Exercise requirements = Print the data verbatim. Leave every image out.

Data excerpts =

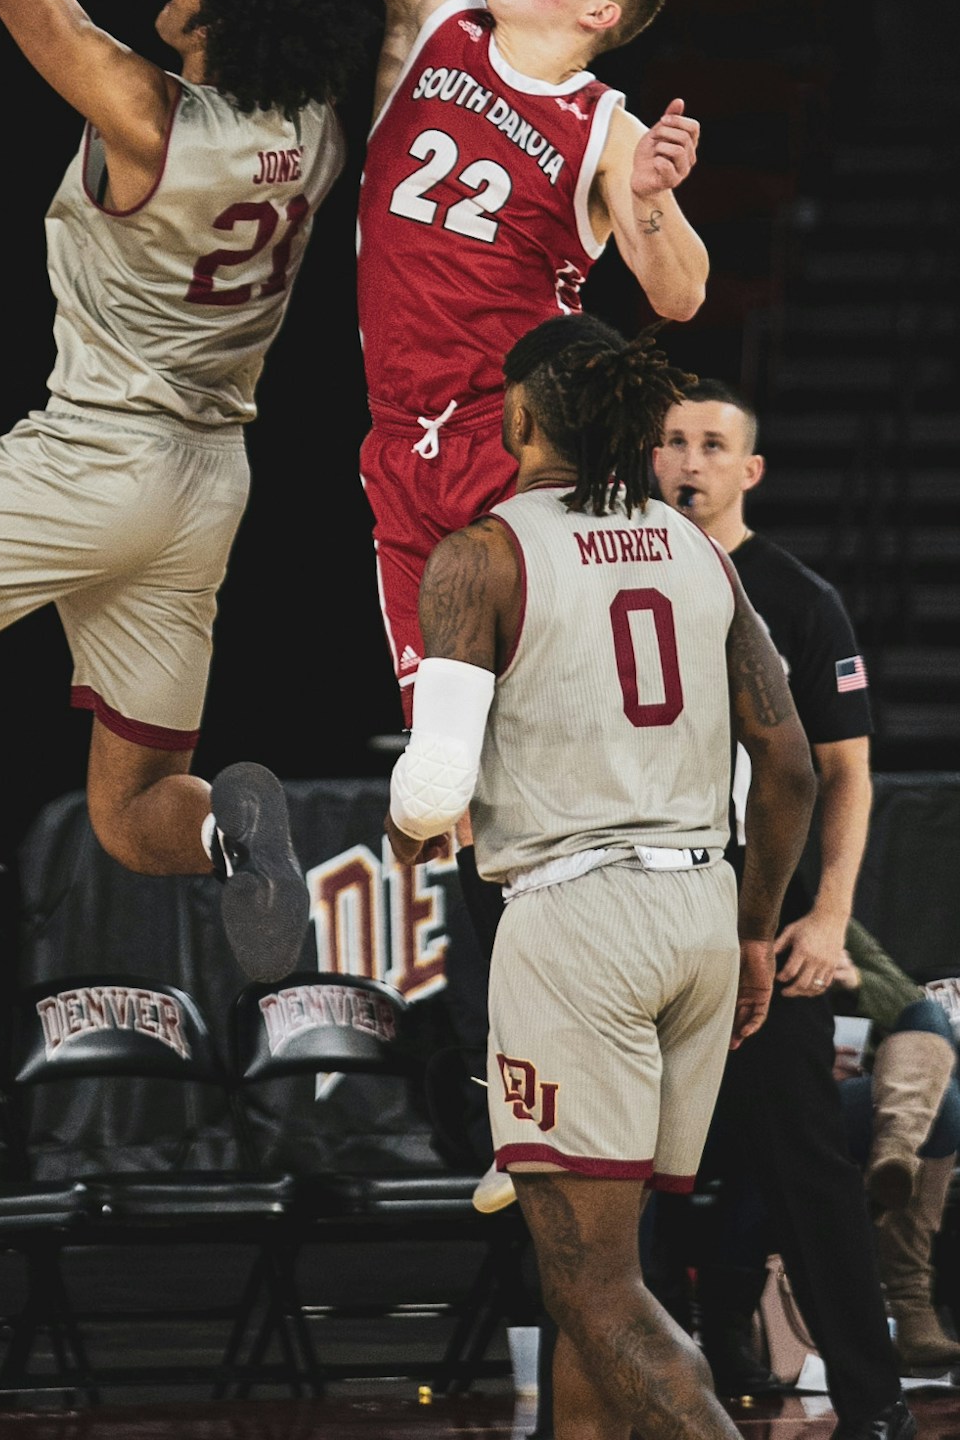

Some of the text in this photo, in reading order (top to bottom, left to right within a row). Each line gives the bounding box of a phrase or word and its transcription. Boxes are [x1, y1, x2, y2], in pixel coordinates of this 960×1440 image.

[412, 67, 493, 114] SOUTH
[252, 145, 305, 185] JONE
[390, 128, 513, 244] 22
[182, 193, 310, 306] 21
[573, 527, 674, 565] MURKEY
[609, 587, 684, 728] 0
[36, 985, 192, 1061] DENVER
[258, 985, 397, 1058] DENVER

Response =
Some of the text in this photo, in reading order (top to bottom, left to right within a row). Each line gives the bounding box of a phrase or word and its transcription. Boxes are [x1, y1, x2, y2], in pixel coordinates of this 960×1440 image.

[412, 67, 493, 114] SOUTH
[252, 145, 305, 185] JONE
[390, 128, 513, 244] 22
[182, 193, 310, 306] 21
[573, 527, 674, 565] MURKEY
[609, 587, 684, 728] 0
[36, 985, 192, 1061] DENVER
[258, 985, 397, 1058] DENVER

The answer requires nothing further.